My wife has acquired a flock of 8 chickens. As a city boy, I find this weird, but she is a farm girl and she loves chickens. I don’t mind the fresh eggs anyhow.

So, I found myself wondering about chicken intelligence. As I look at the chickens, I find myself curious about building a chicken AI. There has been so much over hype about the imminent AI taking over the world, so I thought about what we might have to do that to build a chicken AI, that is, a computer that was as smart as a chicken.

There are 8 chickens on our land. One avoids all the others. Let’s call it the autistic chicken. My wife informs me that there is a dominant chicken. One of the perks of being the dominant chicken is getting to sleep on the highest rung of the coop. (I don’t know why this matters to the chicken — this never came up in Brooklyn when I was growing up.) The chickens like to hang out together  (except for the autistic one). Why I come by they all try to be close to me., I don’t know why. I am not feeding them  so it has nothing to do with food. I do make chicken noises at them, and they make them back until I go away.

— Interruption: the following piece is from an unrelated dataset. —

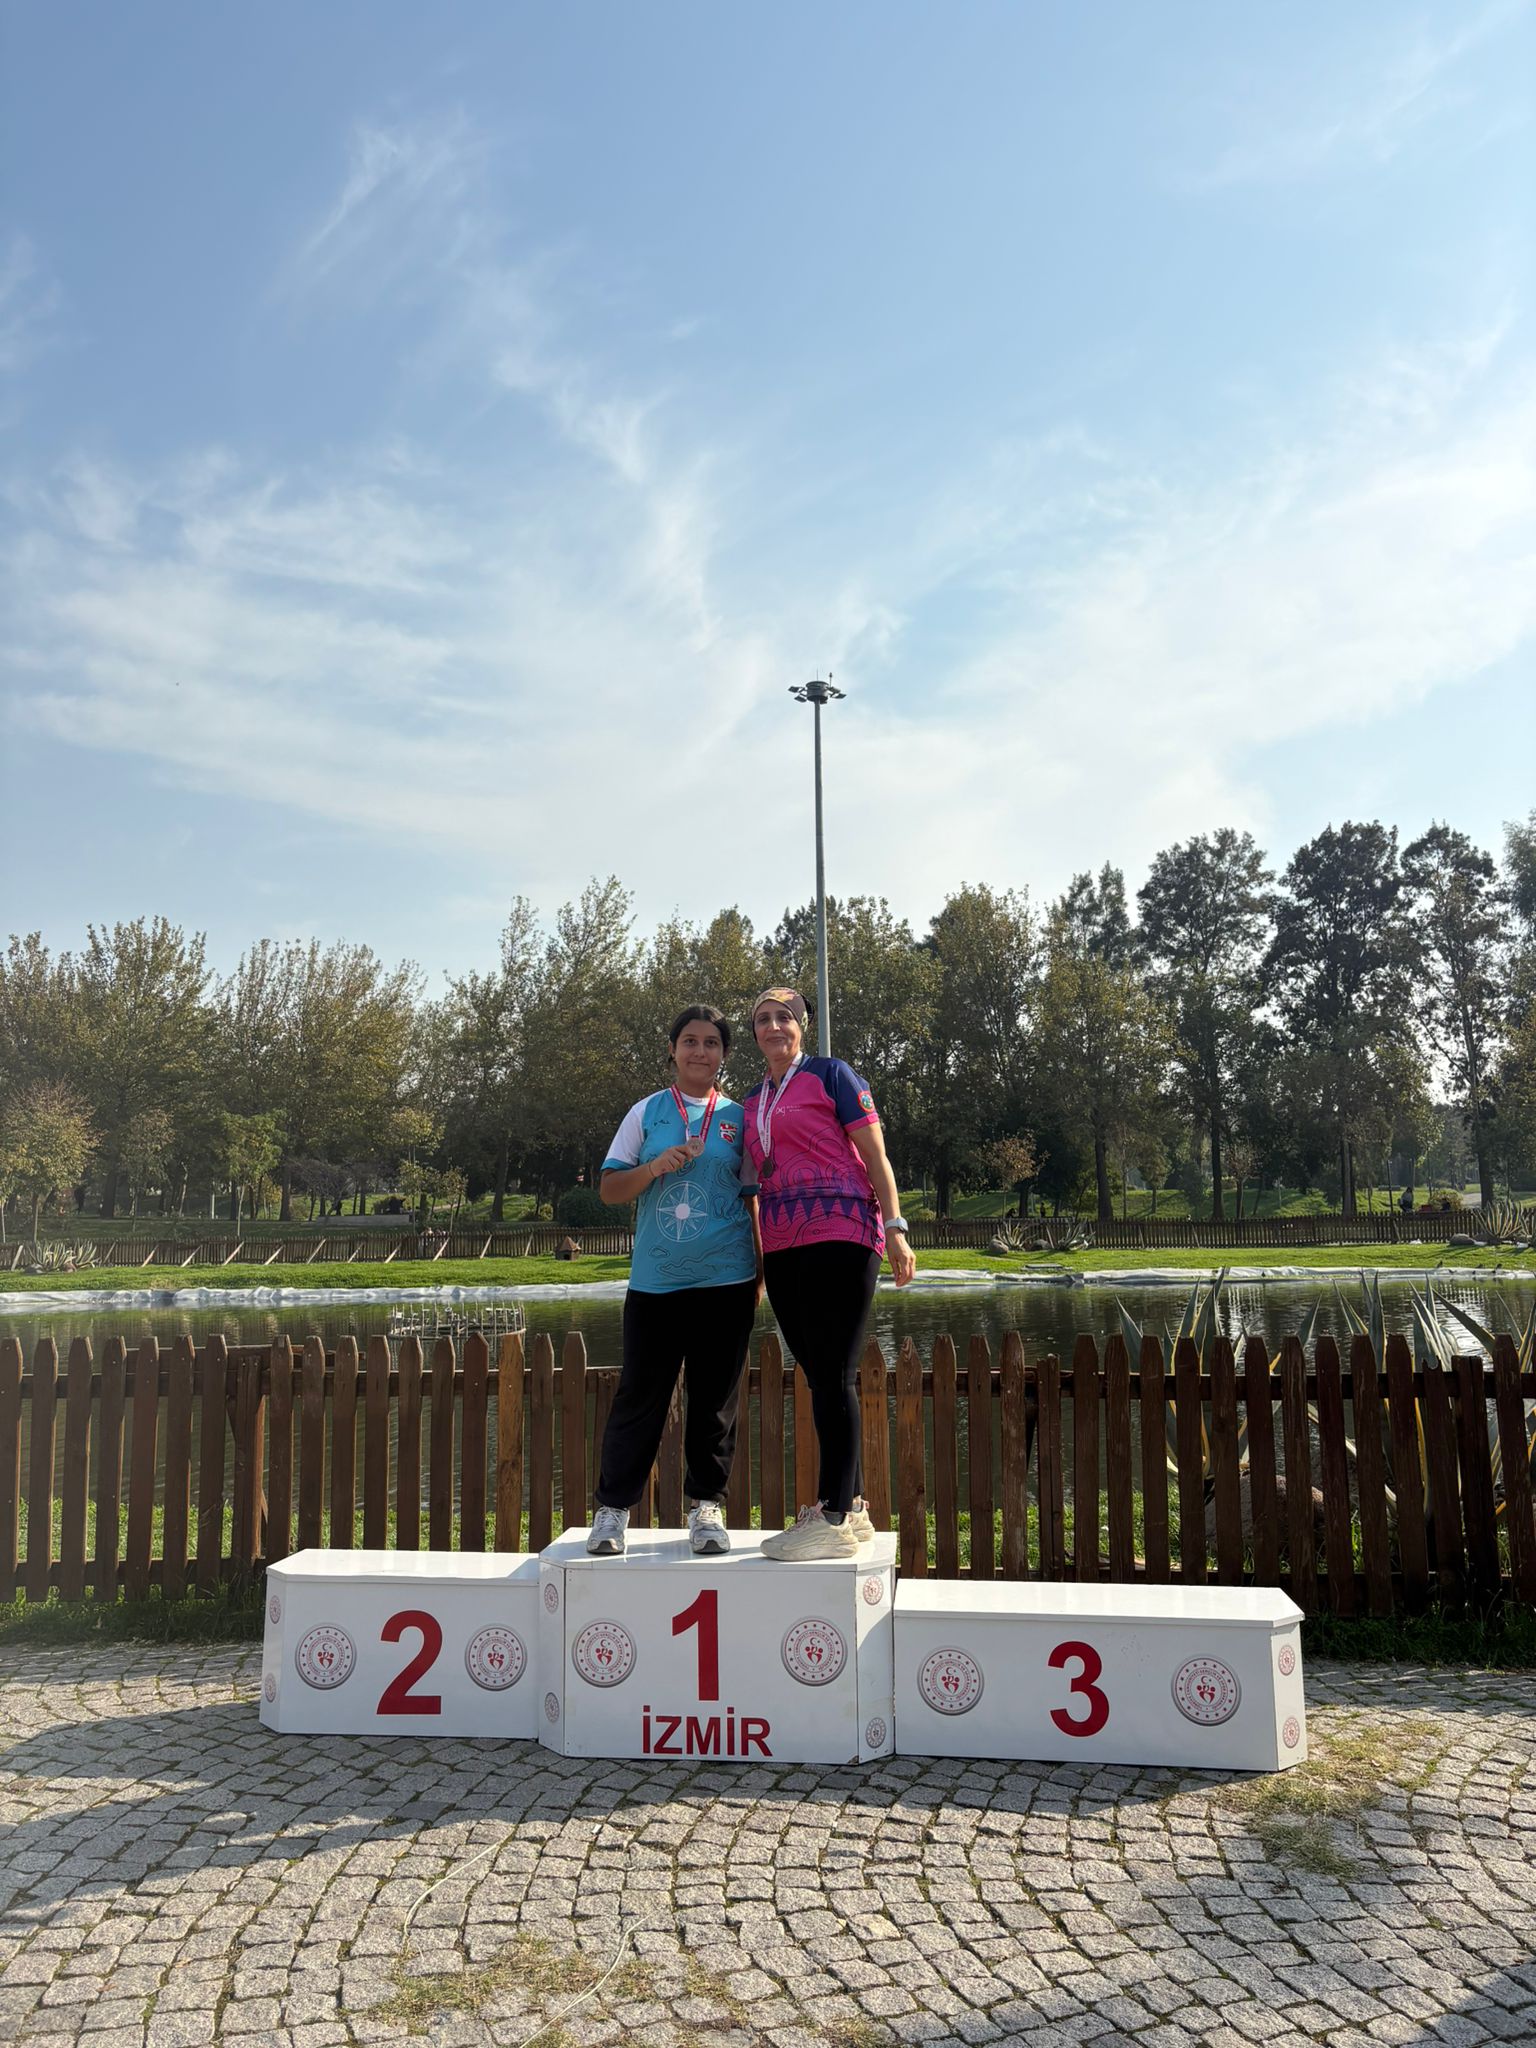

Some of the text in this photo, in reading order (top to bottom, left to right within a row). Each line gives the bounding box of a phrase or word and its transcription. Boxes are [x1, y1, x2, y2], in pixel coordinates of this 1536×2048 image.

[377, 1609, 443, 1715] 2
[671, 1590, 719, 1701] 1
[1047, 1641, 1110, 1737] 3
[643, 1705, 773, 1757] İZMİR

So, what would be going on in the mind of a chicken? 

From Modern Farmer: 

Purpose of the Pecking Order

Pecking order rank determines the order in which chickens are allowed to access food, water, and dust-bathing areas. It determines who gets the most comfortable nesting boxes and the best spots on the roosting bar. The good news is that, at least among a flock of chickens born and raised together, the pecking order is established early on and the birds live in relative harmony, with only minor skirmishes now and then to reinforce who is in charge.

The chicken at the top of pecking order has a special role to play in the flock. Because they are so strong and healthy, it’s their responsibility to keep constant watch for predators and usher the others to safety when a circling hawk appears or a strange rustling is heard in the bushes nearby. The top chicken is also expected to be an expert at sniffing out food sources, such as a nest of tasty grubs under a fallen log, or a bunch of kitchen scraps that the farmer dropped on their way to the compost pile. Even though the top chicken has the right to eat first, he or she usually lets the others feed, while keeping a vigilant watch for predators, and dines only after everyone else has had their fill.

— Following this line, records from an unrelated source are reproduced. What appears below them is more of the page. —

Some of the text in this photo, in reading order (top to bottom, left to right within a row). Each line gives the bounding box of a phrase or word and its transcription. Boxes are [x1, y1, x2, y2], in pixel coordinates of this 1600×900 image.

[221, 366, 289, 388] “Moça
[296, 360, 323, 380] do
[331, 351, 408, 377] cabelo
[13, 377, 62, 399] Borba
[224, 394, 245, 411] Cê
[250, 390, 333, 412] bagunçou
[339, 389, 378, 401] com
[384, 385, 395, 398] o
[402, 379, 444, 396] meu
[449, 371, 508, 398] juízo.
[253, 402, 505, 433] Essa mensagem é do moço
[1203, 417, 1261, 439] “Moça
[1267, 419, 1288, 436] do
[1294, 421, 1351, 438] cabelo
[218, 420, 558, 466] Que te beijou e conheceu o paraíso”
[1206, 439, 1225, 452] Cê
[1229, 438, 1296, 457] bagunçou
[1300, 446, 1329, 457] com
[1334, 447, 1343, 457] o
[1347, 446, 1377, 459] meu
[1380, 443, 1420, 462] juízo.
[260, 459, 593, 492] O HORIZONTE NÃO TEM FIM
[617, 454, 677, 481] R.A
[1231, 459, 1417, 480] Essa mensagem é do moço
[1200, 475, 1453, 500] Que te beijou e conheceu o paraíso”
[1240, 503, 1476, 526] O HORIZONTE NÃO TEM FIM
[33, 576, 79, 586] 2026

Certainly a chicken has clear needs and it tries to figure out a way to get what it wants. This is a simple idea but one that is way beyond any AI program that is out there today. No one told the chicken which needs to have. It just has them. It wasn’t programmed by a human to have those needs. And, no one told the chicken how to get its needs fulfilled. And, no one told the autistic chicken to avoid all other chickens most of the time. So while you can get a computer to do these things, what we cannot do, at least not yet, is to get computers to generate their own needs and to figure out ways to fulfill them. The reason for that is that thinking requires observation, copying, the weighing of the pros and cons of various behaviors, and learning from the results.  And you also have to figure out when the pecking order has been established and it is time to give up trying to better your position. 

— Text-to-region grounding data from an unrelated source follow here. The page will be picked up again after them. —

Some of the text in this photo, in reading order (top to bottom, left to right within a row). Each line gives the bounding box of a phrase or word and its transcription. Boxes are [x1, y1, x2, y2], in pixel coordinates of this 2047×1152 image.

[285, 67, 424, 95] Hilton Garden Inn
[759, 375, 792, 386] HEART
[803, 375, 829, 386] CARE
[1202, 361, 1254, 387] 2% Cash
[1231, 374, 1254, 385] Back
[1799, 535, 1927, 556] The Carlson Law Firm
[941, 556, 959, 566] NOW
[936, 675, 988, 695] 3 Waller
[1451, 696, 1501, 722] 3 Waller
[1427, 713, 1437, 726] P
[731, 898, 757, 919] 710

Chickens clearly have a rich sensory system, so much of what they “figure out” would come from what they see and feel. When ELIZA responds to someone saying they are feeling sad with “why are you feeling sad?” it is not relying on much cognitive power. A person who know who he or she was talking with, would sense the sadness and possibly be able to know where it was coming from, so it might respond “ you have simply got to get over her.”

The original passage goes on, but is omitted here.